Problem statement: Could you repeat all of the entries exactly, leaving out any pictures?

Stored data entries
=== Section Start ===

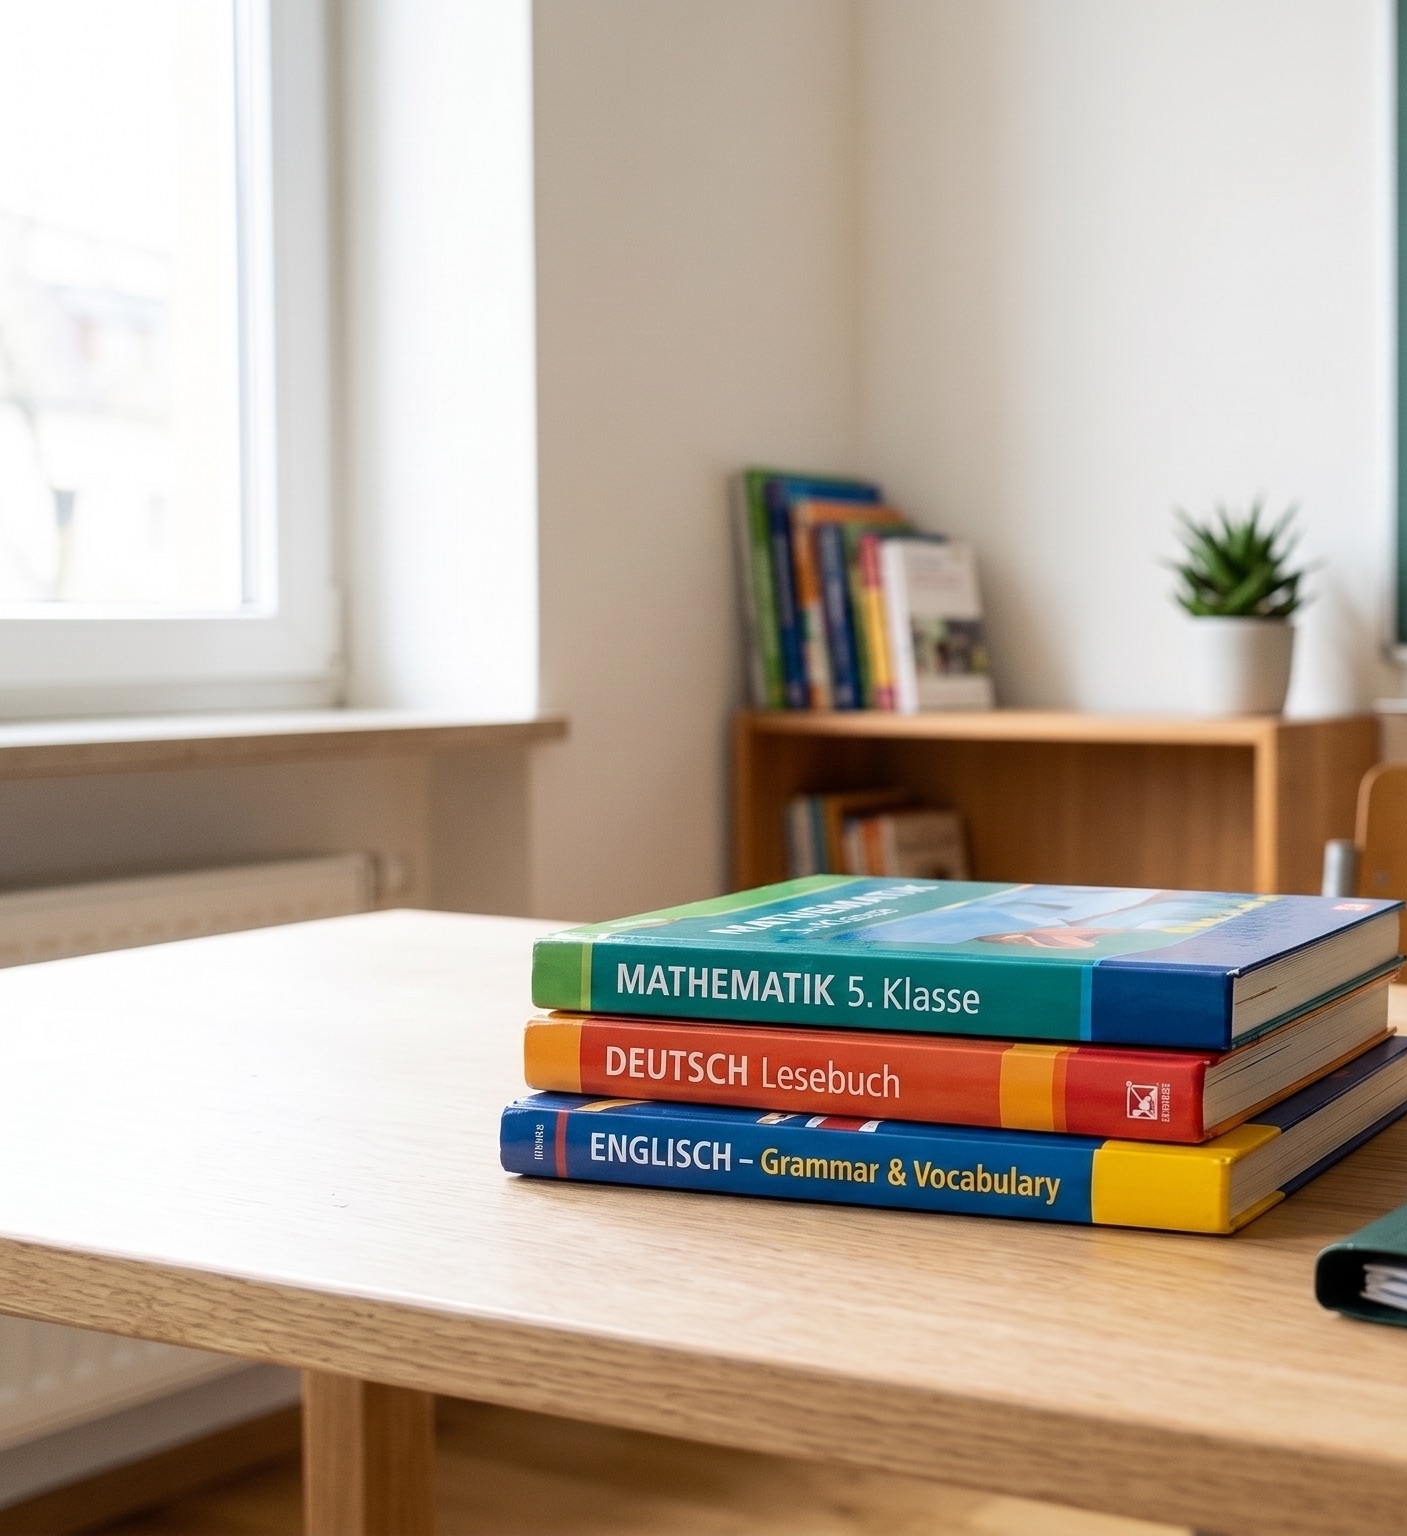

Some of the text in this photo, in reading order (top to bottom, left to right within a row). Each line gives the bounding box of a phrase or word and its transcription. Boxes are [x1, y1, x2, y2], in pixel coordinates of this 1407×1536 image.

[617, 963, 981, 1015] MATHEMATIK 5. Klasse
[606, 1045, 900, 1099] DEUTSCH Lesebuch
[590, 1132, 732, 1172] ENGLISCH
[760, 1147, 880, 1183] Grammar
[887, 1157, 908, 1187] &
[913, 1160, 1062, 1205] Vocabulary

=== Section End ===

Task output:
Some of the text in this photo, in reading order (top to bottom, left to right within a row). Each line gives the bounding box of a phrase or word and its transcription. Boxes are [x1, y1, x2, y2], in pixel coordinates of this 1407×1536 image.

[617, 963, 981, 1015] MATHEMATIK 5. Klasse
[606, 1045, 900, 1099] DEUTSCH Lesebuch
[590, 1132, 732, 1172] ENGLISCH
[760, 1147, 880, 1183] Grammar
[887, 1157, 908, 1187] &
[913, 1160, 1062, 1205] Vocabulary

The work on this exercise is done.